During these past couple months, my roommate has been sleeping past his first classes. It does not matter whether it is 9:30 in the morning or 11 in the morning. I made my attempts to help him wake up in time for those classes, but to no avail. I told him that he needs to take care of himself physically, but that was also for naught as he continued to go out on Thursday, Friday, and Saturday night. I feel that I now have no choice but to throw my hands up and let him learn his lesson because he went out one Thursday night and did not come back until 11 Friday morning. Instead of going to class, he went right to sleep. This gave me the impression that he does not care about school. It saddens me when people do not take my hand and let me lift them up, but God gives us free will for a reason.
I have started to look for a summer job to gain some technical experience.
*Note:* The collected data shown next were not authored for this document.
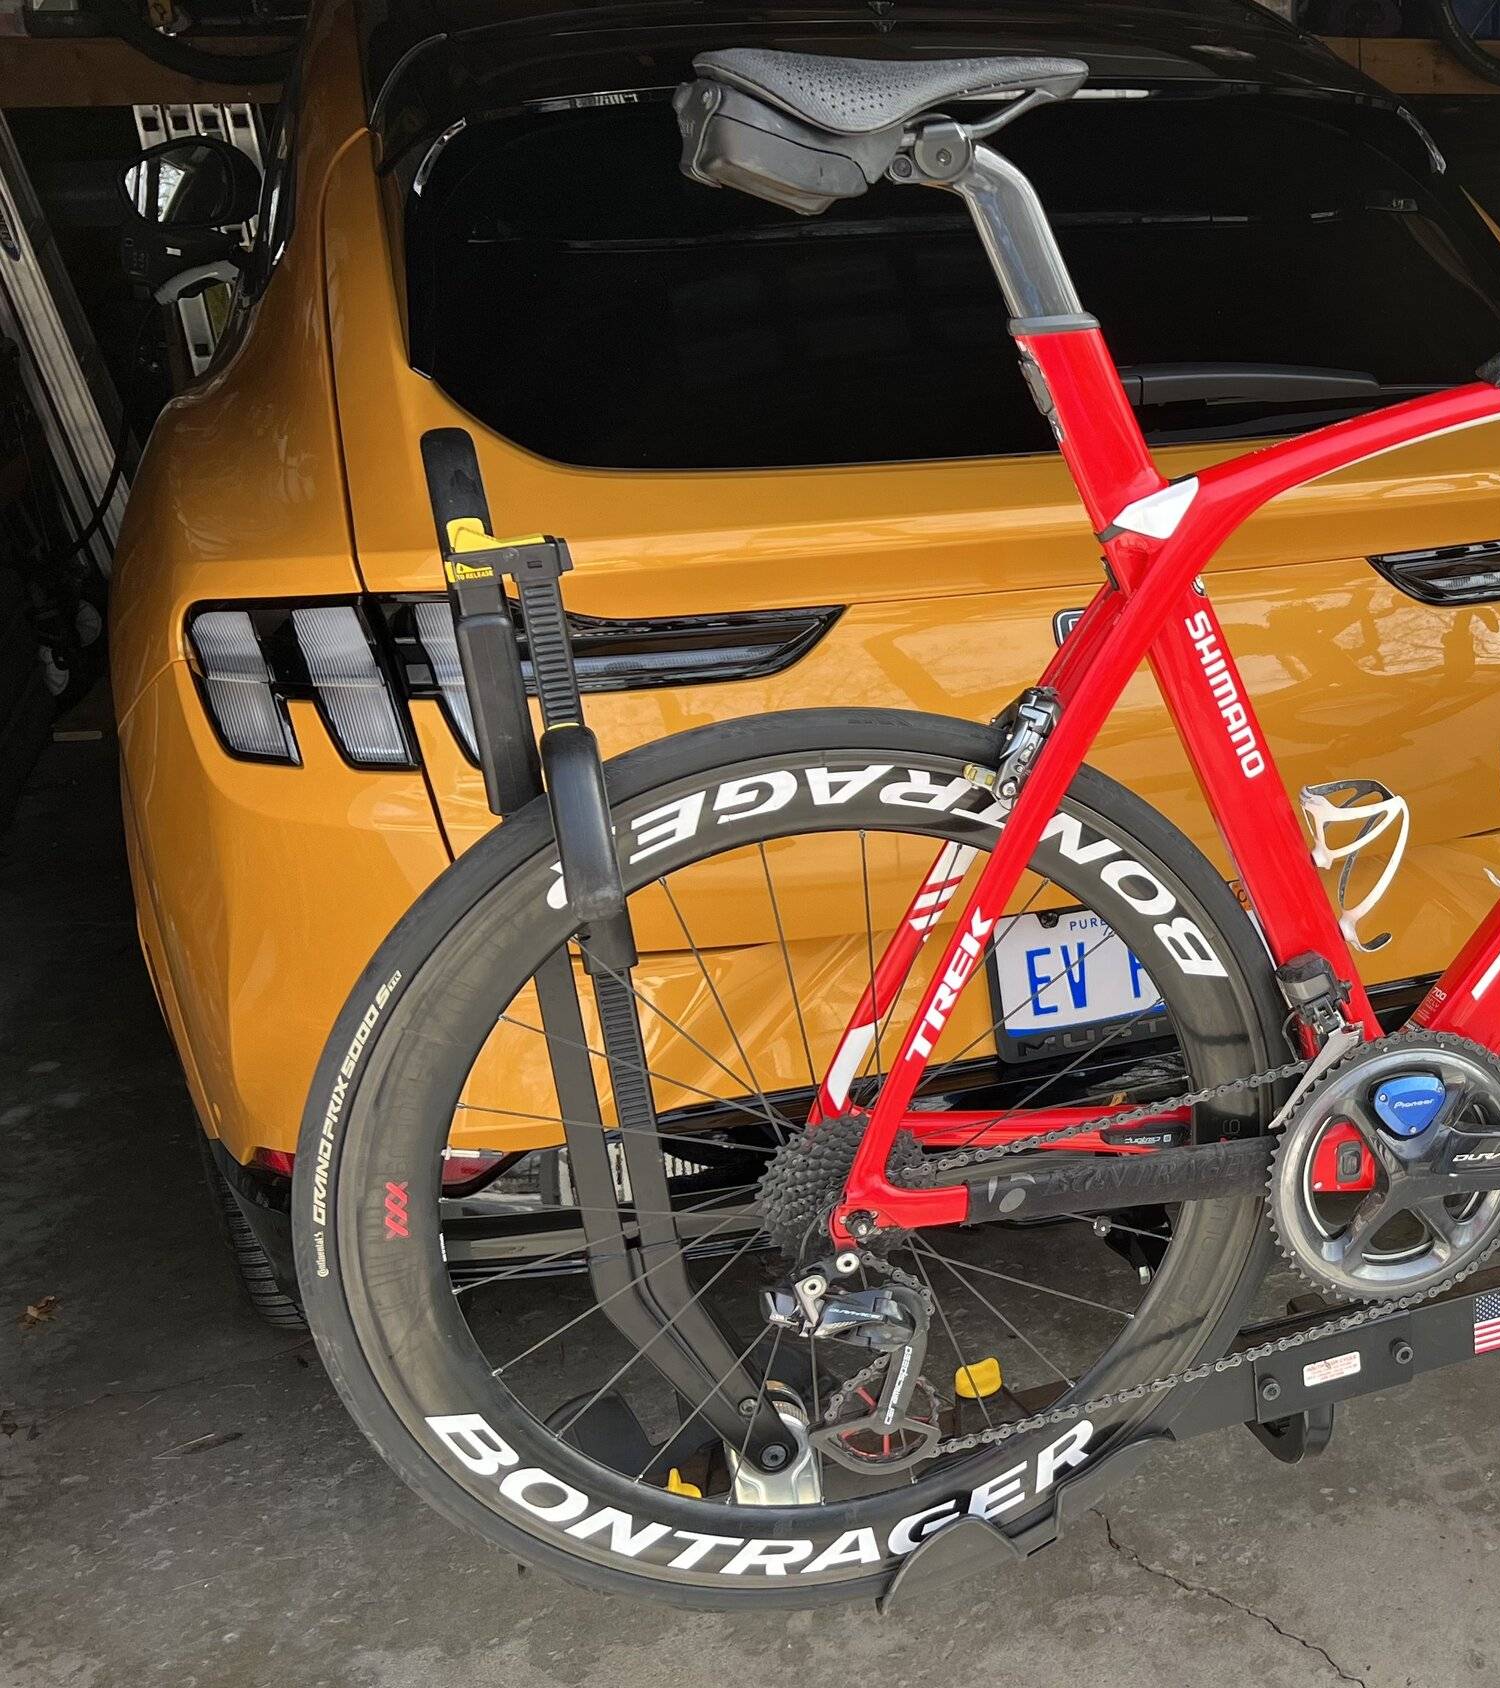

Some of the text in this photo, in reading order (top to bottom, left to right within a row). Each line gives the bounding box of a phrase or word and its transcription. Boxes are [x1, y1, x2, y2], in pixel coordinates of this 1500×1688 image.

[1184, 610, 1266, 779] SHIMANO
[905, 906, 993, 1062] TREK
[1025, 942, 1088, 1016] EV
[341, 1004, 380, 1080] 5000
[322, 1075, 350, 1140] PRIX
[1393, 1097, 1435, 1109] Pioneer
[312, 1138, 335, 1226] GRAND
[424, 1413, 1096, 1576] BONTRAGER
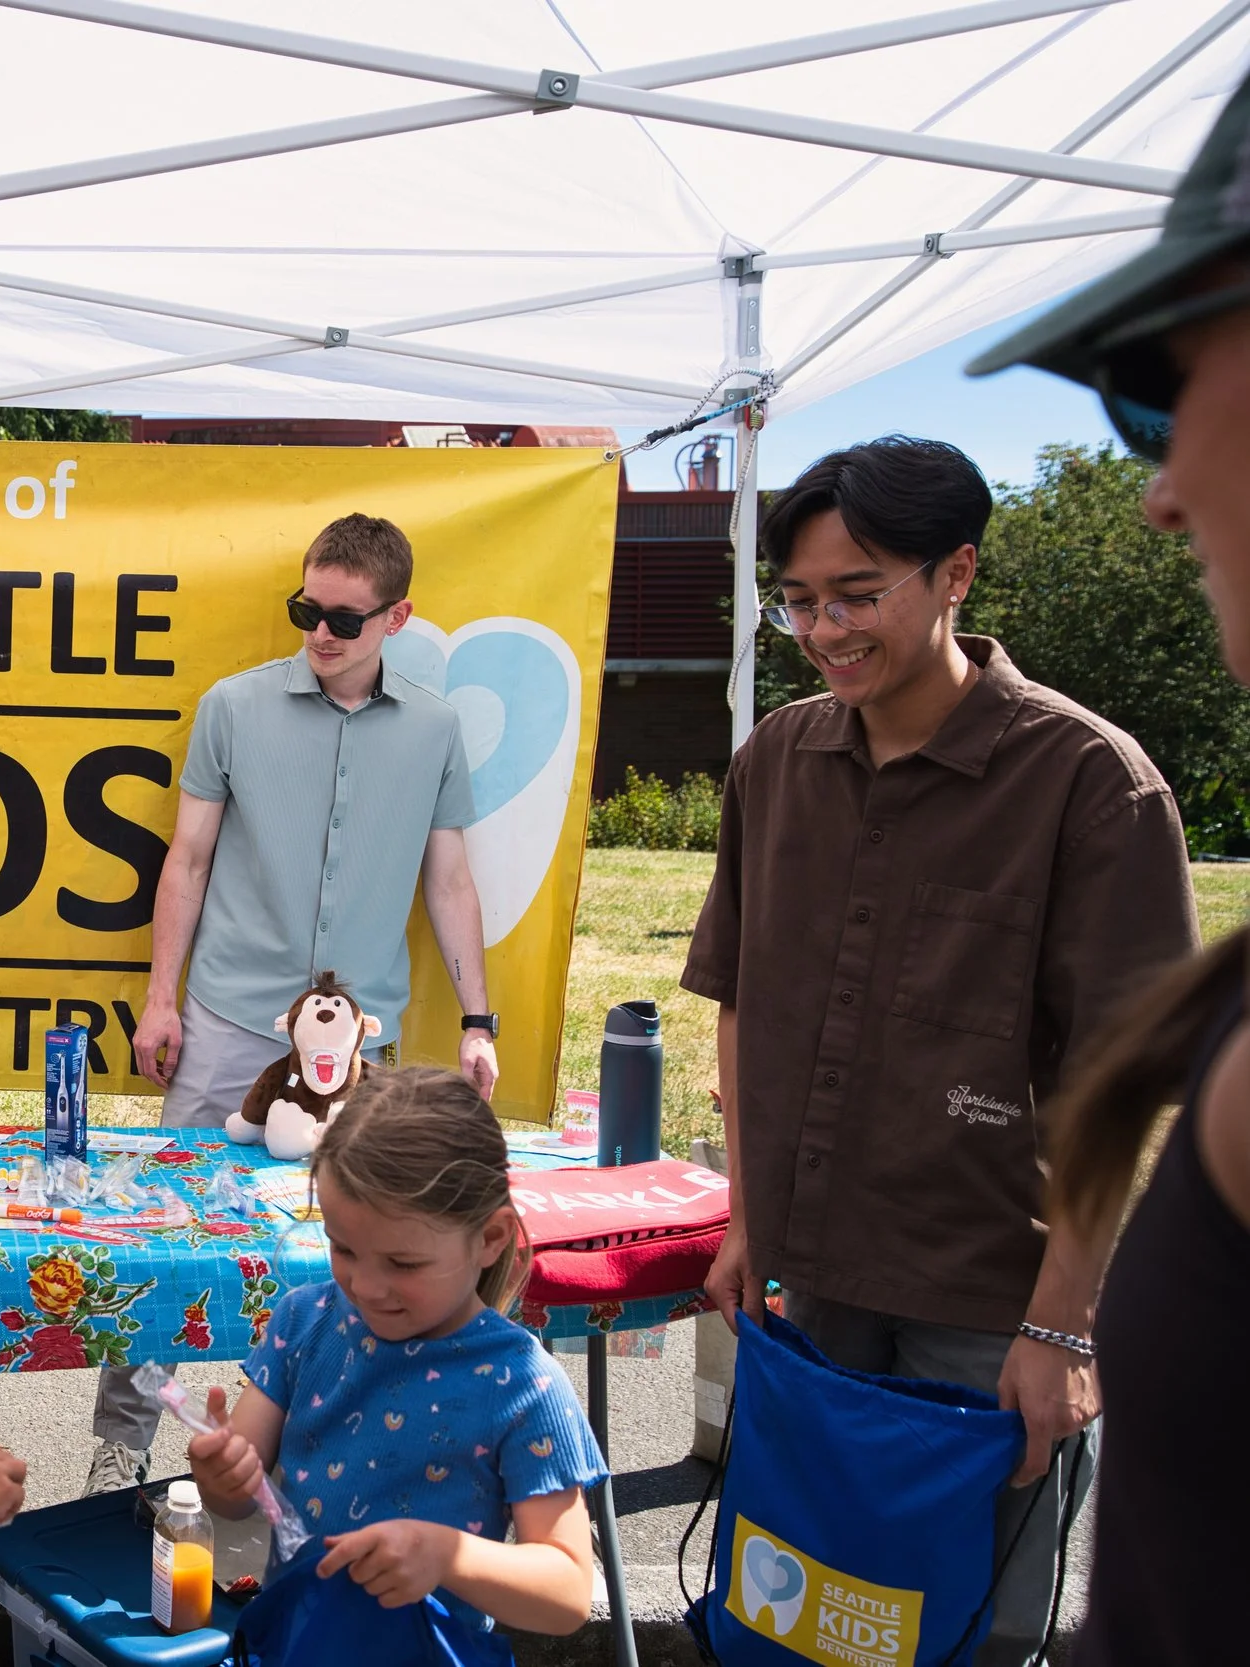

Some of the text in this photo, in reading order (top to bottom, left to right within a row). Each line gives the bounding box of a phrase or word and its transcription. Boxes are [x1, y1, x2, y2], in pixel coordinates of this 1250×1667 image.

Two places I am looking into are BP and General Motors. BP gave me the first interview. As the interviewer describes what he does at BP, I felt overwhelmed and wondered whether I will be expected to do the things he does. The entire interview was behavioral, and it hinged on how much I grew as a result of failing EE 313 and overcoming that brick wall. As Randy Pausch put it:
The brick walls are not there to keep us out. The brick walls are there to give us a chance to show how badly we want something. Because the brick walls are there to stop the people who don’t want it badly enough.[1]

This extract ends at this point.